As much as I would like to stay in this protective bliss–evading the return to the rigors of ministry in the church, I find myself thinking that this time at home helps me retain that very important membership–the realization that I am a part of what I’m trying to help everyone else through. I too face pressures, heartache, and fear–which gives me a platform which to speak from experience. We share this in common, we are human.

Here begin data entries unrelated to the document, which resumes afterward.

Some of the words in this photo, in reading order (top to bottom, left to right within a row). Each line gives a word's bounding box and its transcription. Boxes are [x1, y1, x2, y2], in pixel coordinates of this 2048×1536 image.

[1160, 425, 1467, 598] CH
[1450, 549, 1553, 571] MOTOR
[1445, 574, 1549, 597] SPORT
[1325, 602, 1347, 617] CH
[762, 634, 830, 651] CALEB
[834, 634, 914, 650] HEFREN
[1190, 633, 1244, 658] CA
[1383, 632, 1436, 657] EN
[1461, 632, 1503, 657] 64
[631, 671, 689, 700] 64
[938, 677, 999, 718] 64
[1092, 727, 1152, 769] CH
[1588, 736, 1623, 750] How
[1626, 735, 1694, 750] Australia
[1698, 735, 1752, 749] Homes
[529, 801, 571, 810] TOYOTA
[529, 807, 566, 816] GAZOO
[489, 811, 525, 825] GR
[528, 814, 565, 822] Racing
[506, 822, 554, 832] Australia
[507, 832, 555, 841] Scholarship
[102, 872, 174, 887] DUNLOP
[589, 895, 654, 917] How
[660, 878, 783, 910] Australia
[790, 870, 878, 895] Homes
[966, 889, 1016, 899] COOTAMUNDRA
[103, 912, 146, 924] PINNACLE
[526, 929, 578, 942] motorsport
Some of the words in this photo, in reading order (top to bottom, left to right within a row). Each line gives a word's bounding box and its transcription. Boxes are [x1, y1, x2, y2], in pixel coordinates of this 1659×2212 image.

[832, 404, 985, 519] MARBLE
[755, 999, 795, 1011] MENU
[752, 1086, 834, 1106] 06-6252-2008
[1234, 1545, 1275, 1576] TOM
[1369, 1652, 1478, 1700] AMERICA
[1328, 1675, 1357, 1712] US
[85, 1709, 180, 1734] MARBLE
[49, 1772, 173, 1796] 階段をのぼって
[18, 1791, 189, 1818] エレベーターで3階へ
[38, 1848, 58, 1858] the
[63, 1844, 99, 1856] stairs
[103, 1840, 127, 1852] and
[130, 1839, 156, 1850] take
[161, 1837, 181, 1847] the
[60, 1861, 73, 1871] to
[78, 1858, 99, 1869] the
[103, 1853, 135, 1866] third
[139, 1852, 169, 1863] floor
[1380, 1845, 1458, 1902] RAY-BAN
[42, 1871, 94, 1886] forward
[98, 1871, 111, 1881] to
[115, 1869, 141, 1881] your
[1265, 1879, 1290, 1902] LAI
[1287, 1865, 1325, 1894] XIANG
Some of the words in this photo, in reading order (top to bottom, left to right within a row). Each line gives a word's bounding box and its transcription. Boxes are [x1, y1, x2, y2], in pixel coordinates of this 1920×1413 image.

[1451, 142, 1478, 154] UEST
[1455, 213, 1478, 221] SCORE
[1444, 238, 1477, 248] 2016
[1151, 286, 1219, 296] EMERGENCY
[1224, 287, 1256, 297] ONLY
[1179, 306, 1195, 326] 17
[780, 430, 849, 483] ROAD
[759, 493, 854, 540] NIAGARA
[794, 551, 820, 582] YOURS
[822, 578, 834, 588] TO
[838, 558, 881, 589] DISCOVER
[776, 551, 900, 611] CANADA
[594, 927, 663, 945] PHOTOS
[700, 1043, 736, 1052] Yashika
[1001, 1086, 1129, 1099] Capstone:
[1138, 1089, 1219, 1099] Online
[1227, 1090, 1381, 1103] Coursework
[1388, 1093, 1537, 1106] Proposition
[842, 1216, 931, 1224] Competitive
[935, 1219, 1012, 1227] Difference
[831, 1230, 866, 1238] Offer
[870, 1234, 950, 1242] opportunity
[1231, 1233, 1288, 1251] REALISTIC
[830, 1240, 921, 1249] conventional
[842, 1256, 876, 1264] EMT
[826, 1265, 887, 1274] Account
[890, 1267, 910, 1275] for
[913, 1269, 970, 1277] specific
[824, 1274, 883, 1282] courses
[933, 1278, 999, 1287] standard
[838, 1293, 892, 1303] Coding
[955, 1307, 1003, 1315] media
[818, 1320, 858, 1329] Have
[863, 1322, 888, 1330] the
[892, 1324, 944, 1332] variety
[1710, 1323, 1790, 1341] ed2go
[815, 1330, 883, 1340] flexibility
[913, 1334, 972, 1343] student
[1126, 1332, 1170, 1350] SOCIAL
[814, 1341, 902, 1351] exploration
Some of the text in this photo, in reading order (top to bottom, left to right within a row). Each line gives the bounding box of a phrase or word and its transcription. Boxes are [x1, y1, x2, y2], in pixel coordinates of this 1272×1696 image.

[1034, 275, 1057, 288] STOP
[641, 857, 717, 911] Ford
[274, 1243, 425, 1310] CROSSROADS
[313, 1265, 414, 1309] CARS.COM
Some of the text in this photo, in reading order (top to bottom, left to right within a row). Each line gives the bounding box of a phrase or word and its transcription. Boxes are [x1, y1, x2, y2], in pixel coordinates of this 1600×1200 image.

As I look into the eyes of our young students, some as young as ten in middle school ministry, I am acutely aware that they were most were 6 to 10 pound (Lord help the mother who bore a ten pound baby!) infants, swaddled in their parents arms and adorned with the highest hopes and dreams. When they hurt, we hurt. When they question, we listen. When they cry out for help, we do all that we can to find a remedy. Or, at least that’s the aim. How much more important is it to lead them to the cross and to a lifestyle rooted and established in the Holy Spirit?
These are the thoughts of a postpartum mama in ministry as she reflects on the life she leads–and sometimes fumbles through.
So, she’s officially renewing her membership in the human race today as she thanks God for three hours of sleep last night and a neighbor with a diesel truck that roars to life at 6:30 AM waking everyone in the house. She is grateful that it will make her a more connected youth pastor and writer–grateful that she’s not alone–grateful that we are in this together.
That’s some pretty awesome writing for a Mama who just gave birth 2 weeks ago! Talk about fog….it’s been 5 months since I had our daughter and my head is STILL up in the clouds.
Thanks for this post. You see, being a stay at home Mama – 1200 miles from her family…. I know what it feels like to unintentionally break away from the human race. I also know what it feels like to try and write – while being disconnected. It’s hard. I wouldn’t change my role for anything – but I’m learning that my heart and my mind need more involvement – interaction – people. We were made for that. Sometimes, I have a tendency to pull away – be alone – protect myself, even… I think many people who like to write find themselves doing the same thing – but like Pipher put it – to connect with readers…you MUST connect with the world.
I’ll be pondering all this today π Thank you! I needed that!
Enjoy your time resting and healing!